Her shop subsisted in
its corner by reason of the conservatism of poor neighbourhoods. She sold penny
yellow and black tea mugs that came from a pottery down Bristol way — tea mugs
of a pattern one hundred and fifty years old. She sold brown moist sugar that
was nearly black, and had something the flavour of liquorice, such as none of
the new stores sold or would have known where to buy.
She sold red herrings
from a factory on the east coast that had been established two hundred and
fifty years, and that had only three or four customers. She sold medicinal
herbs in packets and cooked pig’s-trotters — which she boiled herself — as well
as penny broad-sheet ballads that were hung up all over the shop, and onions
from Brittany that depended in long ropes all down the window.
Her profits from the
establishment, except at Christmas and about the fifth of November, when she
sold fireworks, were seldom more than seventeen and six, and never less than
nine shillings a week. In return she was the dictatress of opinions and the
wise woman of Henry Street, James Street, and Charles and Augusta Mews,
Westminster.
Ford Madox Ford – Mr Fleight (1913)
We may deplore the ubiquity of supermarkets and the consequent change
in our high streets, but the alternatives were not always quite so quaint as
popular sentiment would have us believe. The pig’s trotters and red herrings
might have been tasty though.
8 comments:
A special treat were the cheese rind offcuts, good for macaroni cheese - take the roof off your mouth.
Roger - I like macaroni cheese but haven't eaten it for years.

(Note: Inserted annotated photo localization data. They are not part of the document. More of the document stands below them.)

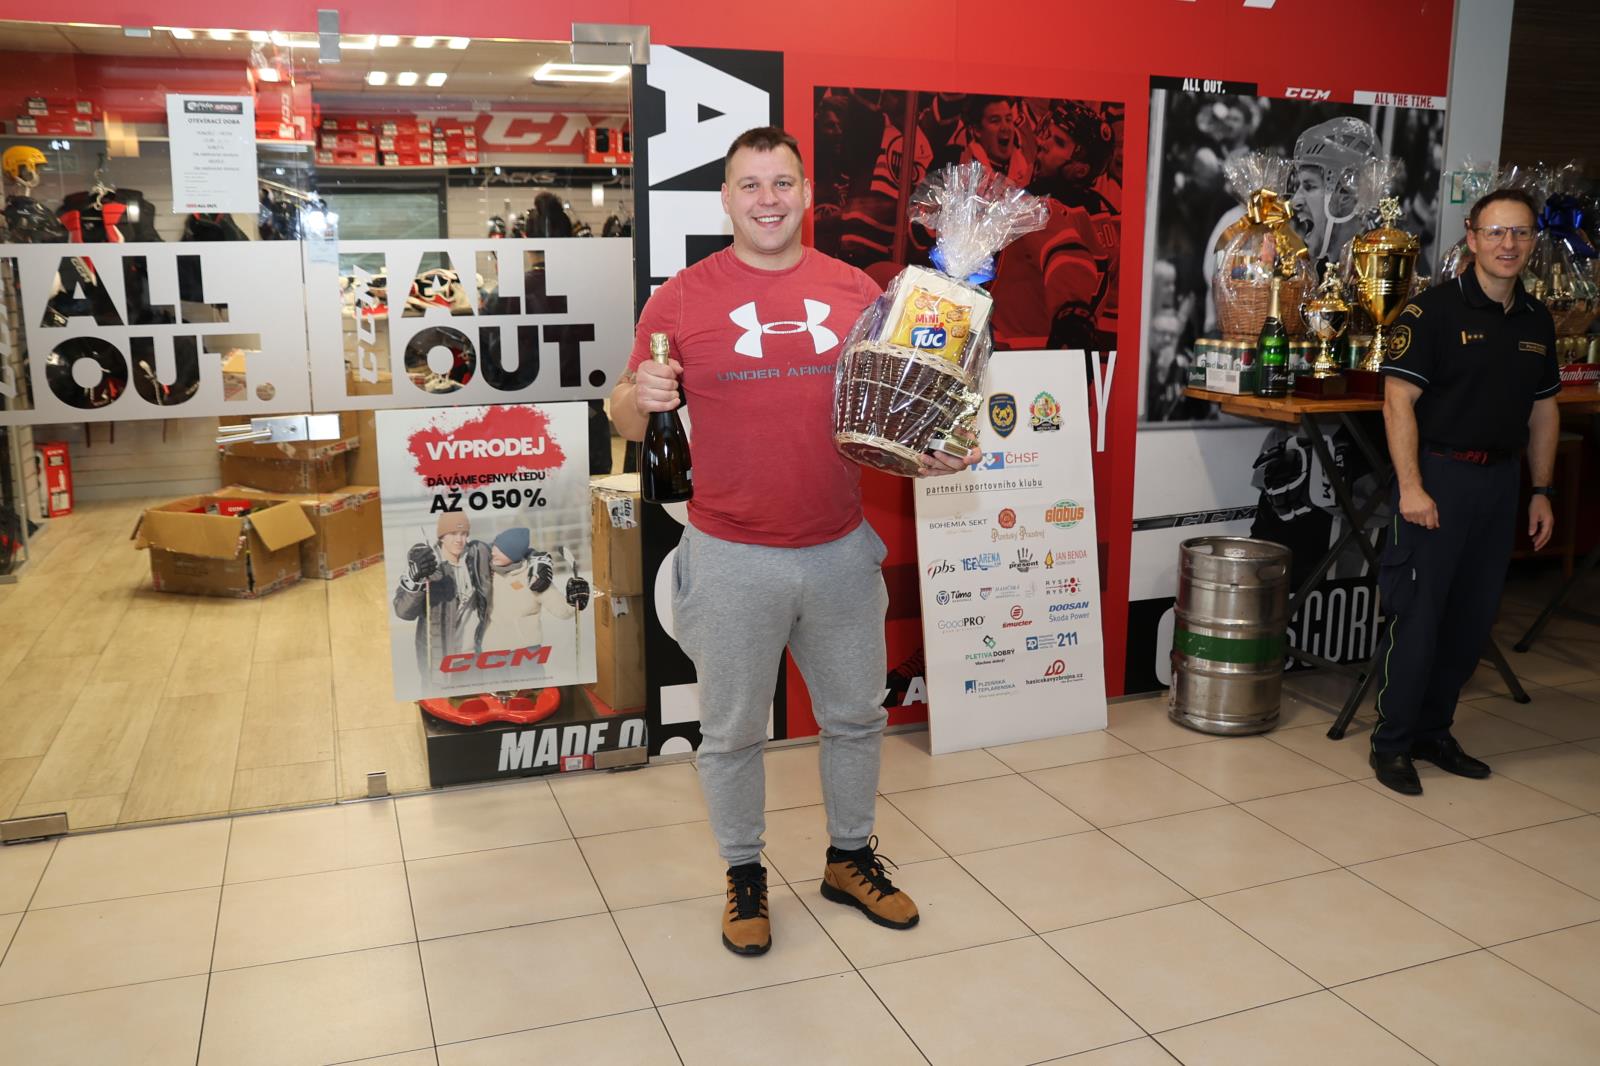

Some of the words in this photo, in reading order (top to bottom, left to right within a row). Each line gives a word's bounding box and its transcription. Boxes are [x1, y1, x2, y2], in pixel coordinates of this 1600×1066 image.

[1182, 77, 1201, 92] ALL
[1203, 79, 1226, 94] OUT.
[1284, 87, 1332, 100] CCM
[1373, 92, 1392, 106] ALL
[1393, 94, 1410, 107] THE
[1410, 95, 1435, 109] TIME.
[40, 254, 229, 328] ALL
[401, 249, 568, 318] ALL
[404, 323, 606, 394] OUT.
[45, 333, 276, 409] OUT.
[716, 366, 780, 382] UNDER
[425, 435, 546, 461] VÝPRODEJ
[1005, 452, 1040, 464] ČHSF
[427, 473, 477, 487] DÁVÁME
[478, 471, 509, 484] CENY
[509, 472, 518, 482] K
[519, 471, 546, 482] LEDU
[926, 484, 962, 497] partneři
[1019, 477, 1043, 489] klubu
[430, 488, 462, 514] AŽ
[468, 491, 488, 511] O
[492, 489, 522, 510] 50
[929, 521, 967, 530] BOHEMIA
[968, 518, 989, 527] SEKT
[1008, 560, 1039, 570] present
[1048, 601, 1090, 612] DOOSAN
[1048, 612, 1069, 623] Škoda
[1070, 610, 1090, 620] Power
[1057, 631, 1078, 647] 211
[439, 645, 552, 673] CCM
[965, 652, 993, 660] PLETIVA
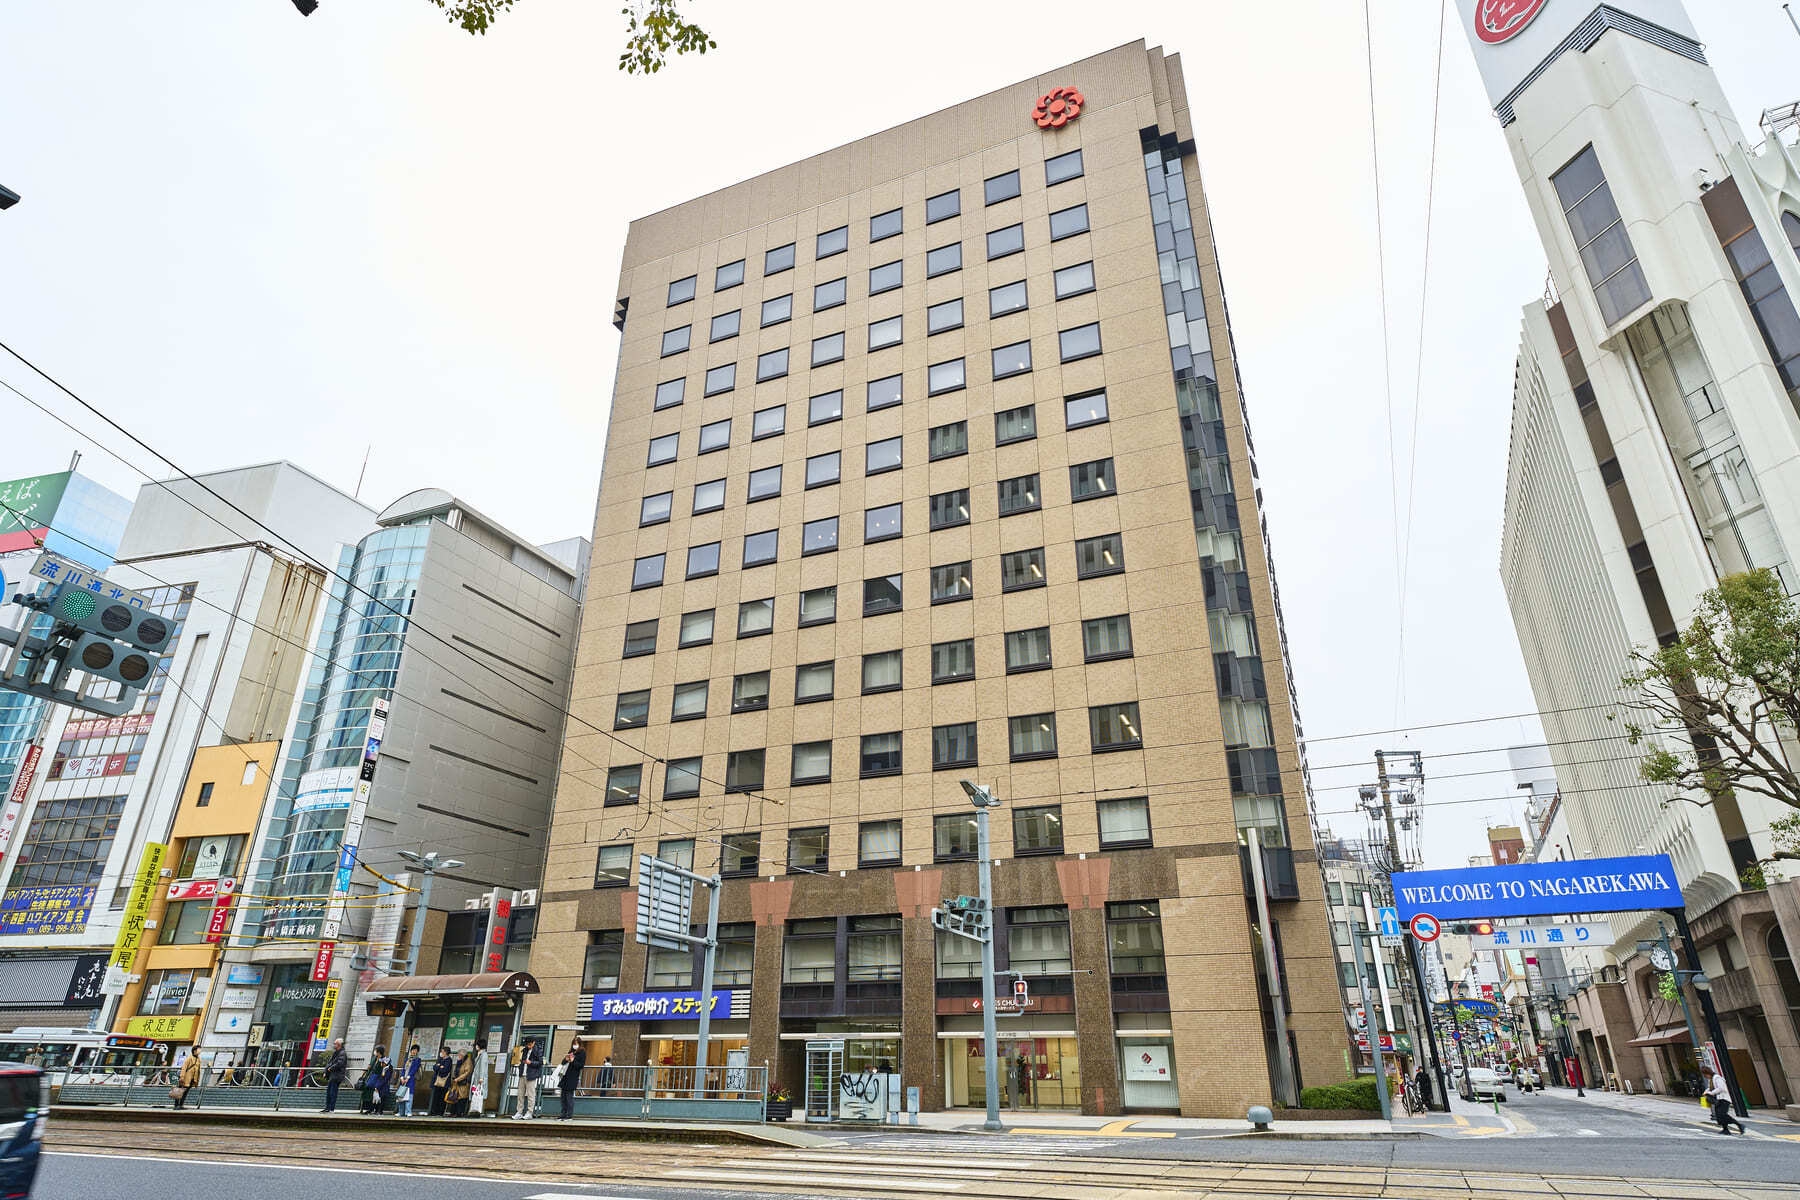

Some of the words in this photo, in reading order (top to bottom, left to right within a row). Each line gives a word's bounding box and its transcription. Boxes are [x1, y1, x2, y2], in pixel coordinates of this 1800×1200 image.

[39, 560, 143, 608] 流川通北口
[199, 884, 218, 895] アコ
[1401, 883, 1493, 905] WELCOME
[1497, 880, 1525, 899] TO
[1528, 871, 1670, 897] NAGAREKAWA
[212, 906, 226, 932] アコム
[1494, 926, 1591, 945] 流川通り
[602, 998, 669, 1016] すみふの仲介
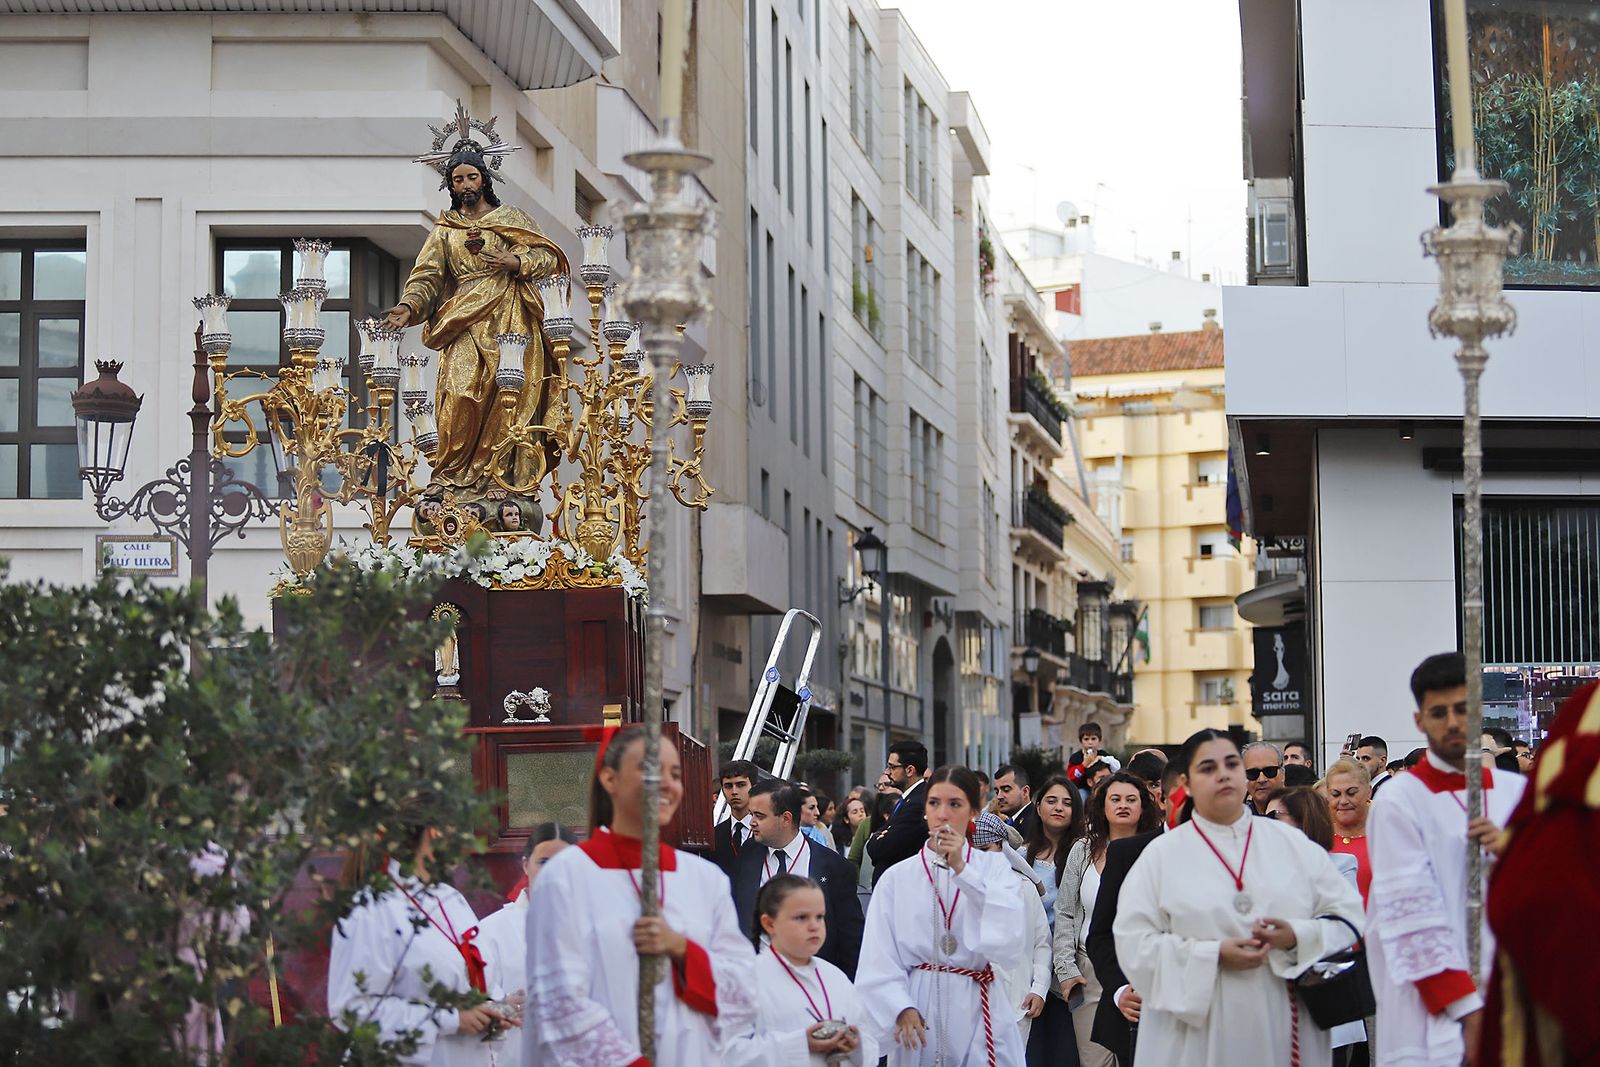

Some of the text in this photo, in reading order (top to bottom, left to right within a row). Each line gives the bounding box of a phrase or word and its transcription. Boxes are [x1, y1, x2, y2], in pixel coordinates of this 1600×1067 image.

[123, 543, 152, 551] CALLE
[134, 557, 170, 567] ULTRA
[1263, 691, 1300, 702] sara
[1263, 702, 1300, 710] merino

It is difficult to get hold of pig's trotters these days, all sorts of things could be made notably real gelatine. The lady is presently on the sausage making machine and so not available to advise further.
Oh yes, macaroni cheese which actually hurts!
Marvelous recall, Roger, and I'm now going to negotiate with Mrs Scroblene for a change in the menu for Friday, or maybe Saturday!
Sunday?...
Demetrius - home made sausages? You lucky man.
Michael - we tend to forget menus we once enjoyed. I've no idea why unless age has something to do with it.
A similar point was made by an old chap we once met in a Norfolk pub. Some real ale enthusiasts in our party were questioning him about the myriad ancient brews they used to make in Norwich, and how it was all more interesting before the days of homogenised gassy keg beer.
He conceded they had a point, but said that the beer had often tasted disgusting and could give you the shits for a week if you got a "bad pint". For him, mass production and homogeneity were the marks of progress.
And Ford Madox Ford is a great name.
Sam - there was an old Derby brewery called Offilers which closed in the sixties as the big breweries expanded their fizz operations. My father said their brew was often called "Offilers straight-through".
James - it is, even though he made it up of course.